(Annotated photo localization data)
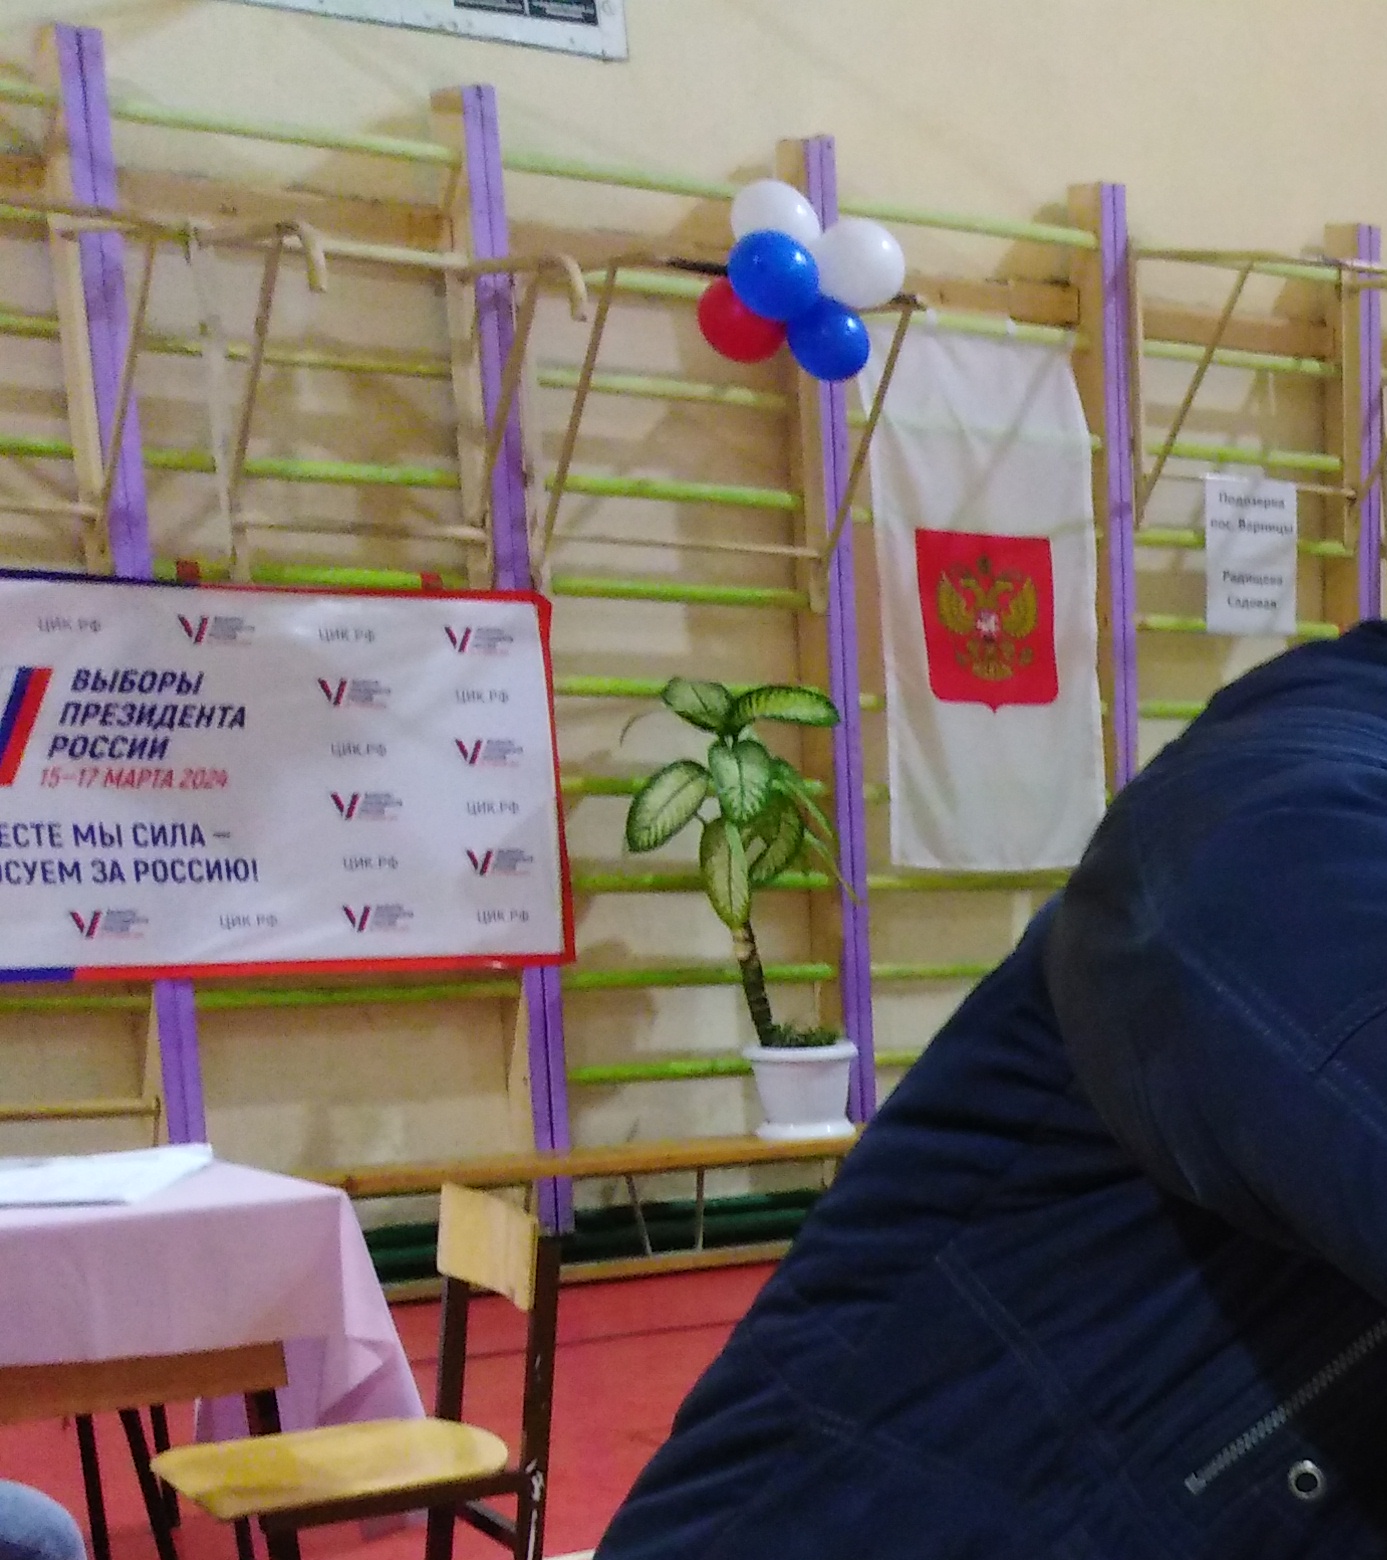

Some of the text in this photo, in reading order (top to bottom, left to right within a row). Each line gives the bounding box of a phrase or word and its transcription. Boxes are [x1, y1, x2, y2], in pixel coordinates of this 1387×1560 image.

[70, 668, 204, 695] ВЫБОРЫ
[58, 701, 247, 731] ПРЕЗИДЕНТА
[47, 734, 170, 761] РОССИИ
[103, 767, 175, 789] МАРТА
[178, 768, 229, 790] 2024
[72, 823, 123, 848] МЫ
[131, 823, 206, 848] СИЛА
[0, 859, 259, 885] СУЕМ ЗА РОССИЮ!
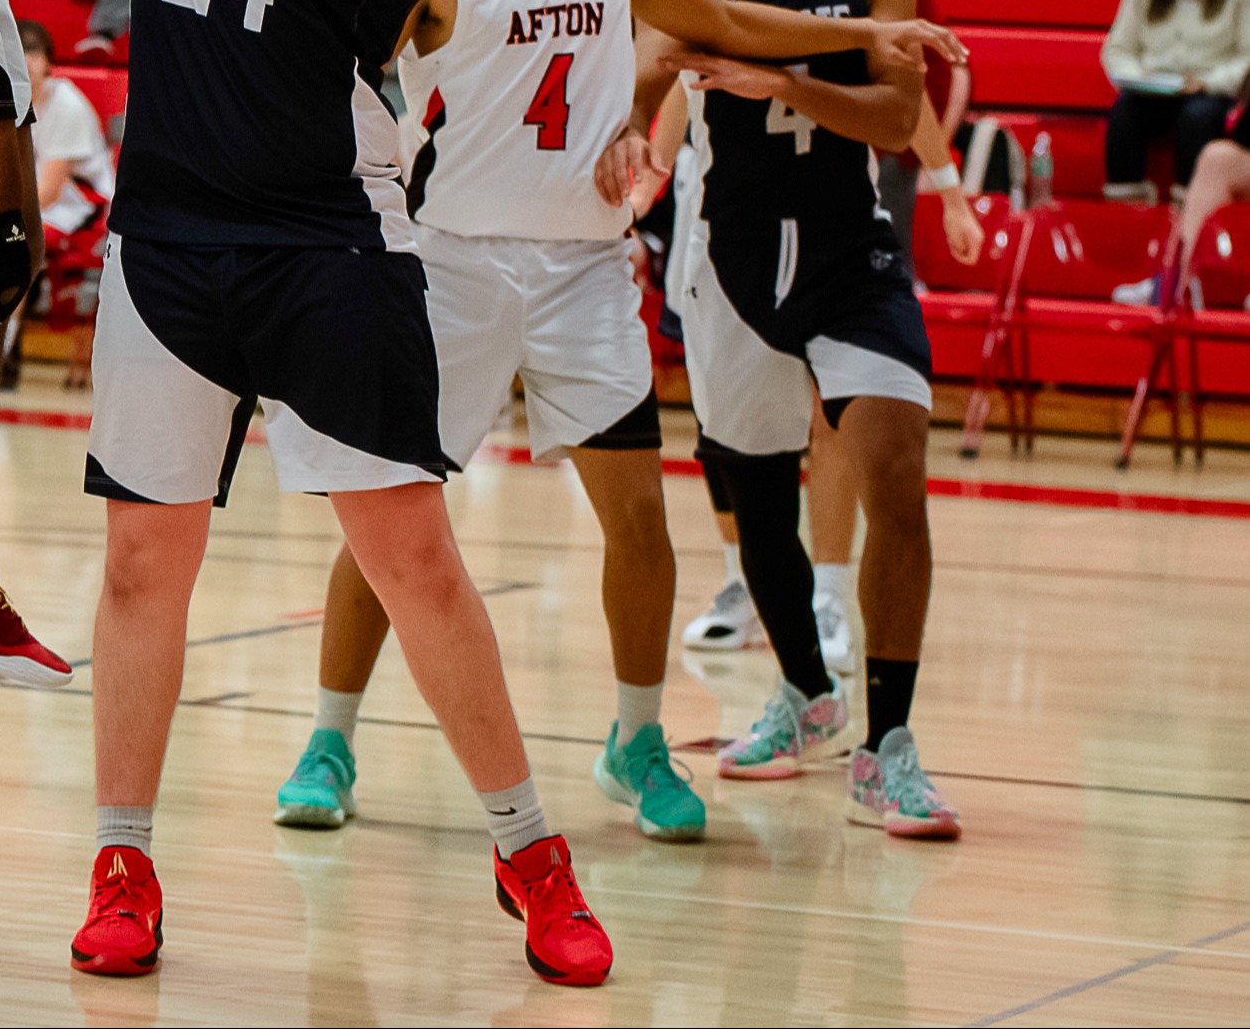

(What you need to do) Transcribe each entry above character for character, omitting pictures.

(Written answer)
Some of the text in this photo, in reading order (top to bottom, left to right within a row). Each line gives the bounding box of a phrase or word and its transcription. Boxes are [x1, y1, x2, y2], in pixel coordinates of this 1387×1560 image.

[70, 668, 204, 695] ВЫБОРЫ
[58, 701, 247, 731] ПРЕЗИДЕНТА
[47, 734, 170, 761] РОССИИ
[103, 767, 175, 789] МАРТА
[178, 768, 229, 790] 2024
[72, 823, 123, 848] МЫ
[131, 823, 206, 848] СИЛА
[0, 859, 259, 885] СУЕМ ЗА РОССИЮ!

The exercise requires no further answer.